Jean Carlos giró la destrozada cerradura. La puerta estaba rota. Como todo. Cogió del pomo y tiró con esfuerzo, hasta que la entrada se abrió hacia dentro. A veces, hay que ir hacia atrás para avanzar. A veces, se retrocede demasiado.
  Los muebles que colgaban del techo esperaban para saludarle. Pero no lo hicieron.
  El hombre viajó maltrecho hasta el recibidor, en donde el suelo sostenía un anticuado teléfono de cable. Pulsó el botón que nunca parpadeaba.
  -No tiene mensajes –dijo una voz enlatada.
  -Jean, no quiero hablar contigo nunca más. Te has negado a crecer, te has negado a madurar, y yo no puedo jugar más. Nunca. Me has hecho terriblemente infeliz –escuchó Jean Carlos.
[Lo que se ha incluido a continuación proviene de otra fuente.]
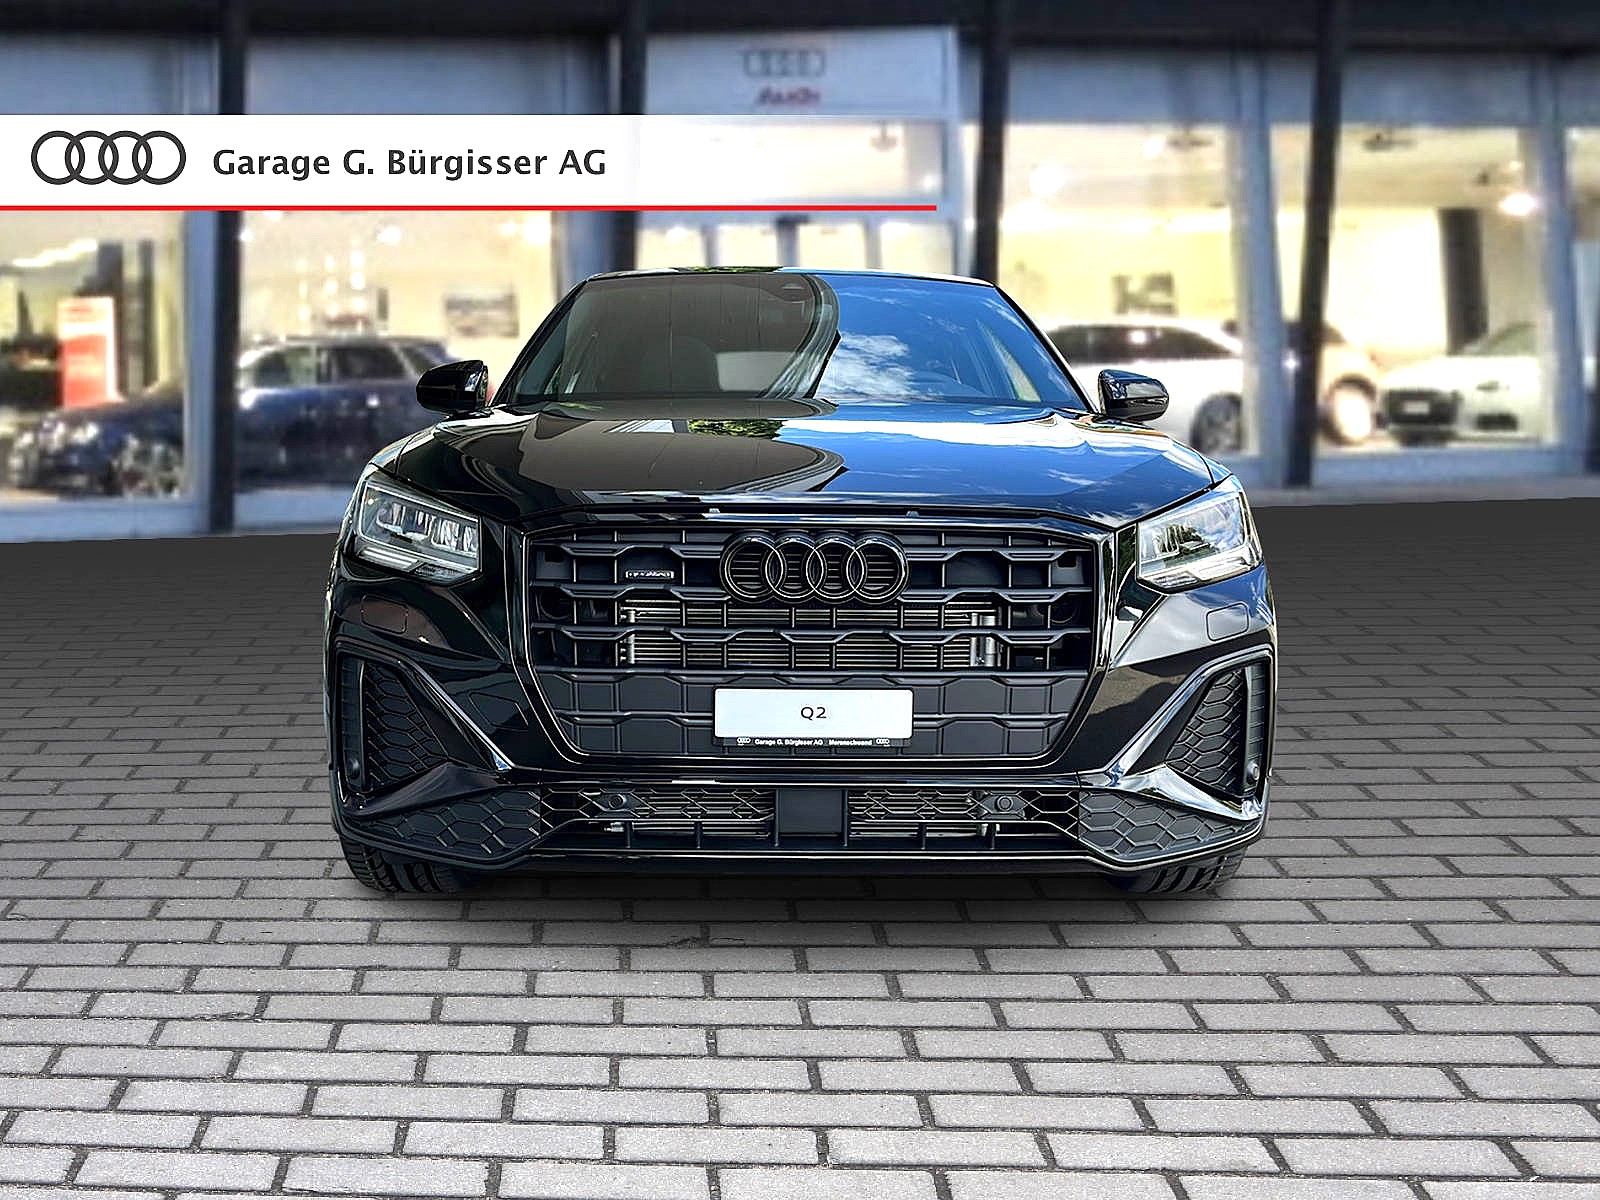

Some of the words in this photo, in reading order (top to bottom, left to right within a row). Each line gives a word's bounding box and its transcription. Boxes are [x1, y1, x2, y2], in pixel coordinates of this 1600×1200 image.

  El teléfono no sonaba. Nada lo hacía. Él podía escuchar a los roedores viviendo en las paredes, pero solo él. No aguantaba más. Le estaban chillando.
  -¿Qué día es?
  De repente, un recuerdo fugaz acudió a su cabeza, reminiscencia de otra realidad, de una vida pasada que ya no le pertenecía.
  Fue hasta la cocina, que apestaba a suciedad, y a agua estancada, y a moho. Contempló el calendario, el día rojo y señalado. Empezó a reír desconsolado.
  -Hace años, demasiados, ocurrió algo muy, muy malo…
  Jean Carlos rio, y siguió riendo un buen rato. No era una risa feliz. No sabía. No estaba llena de entusiasmo o jolgorio, ni tampoco era ironía. Reía desquiciado, como el loco sombrío que le contemplaba desde la esquina más oscura del cuarto. Ahora, los dos reían juntos. Y los roedores de las paredes. Y los muebles. Y la voz del teléfono, que era mezcla de muchas otras.
  -Me encantan las drogas.
  Jean Carlos se miró las manos, de uñas sucias, dedos largos y afilados. Poco a poco, las colocó cercanas a su cara, tanto que por milímetros no logró tocarla.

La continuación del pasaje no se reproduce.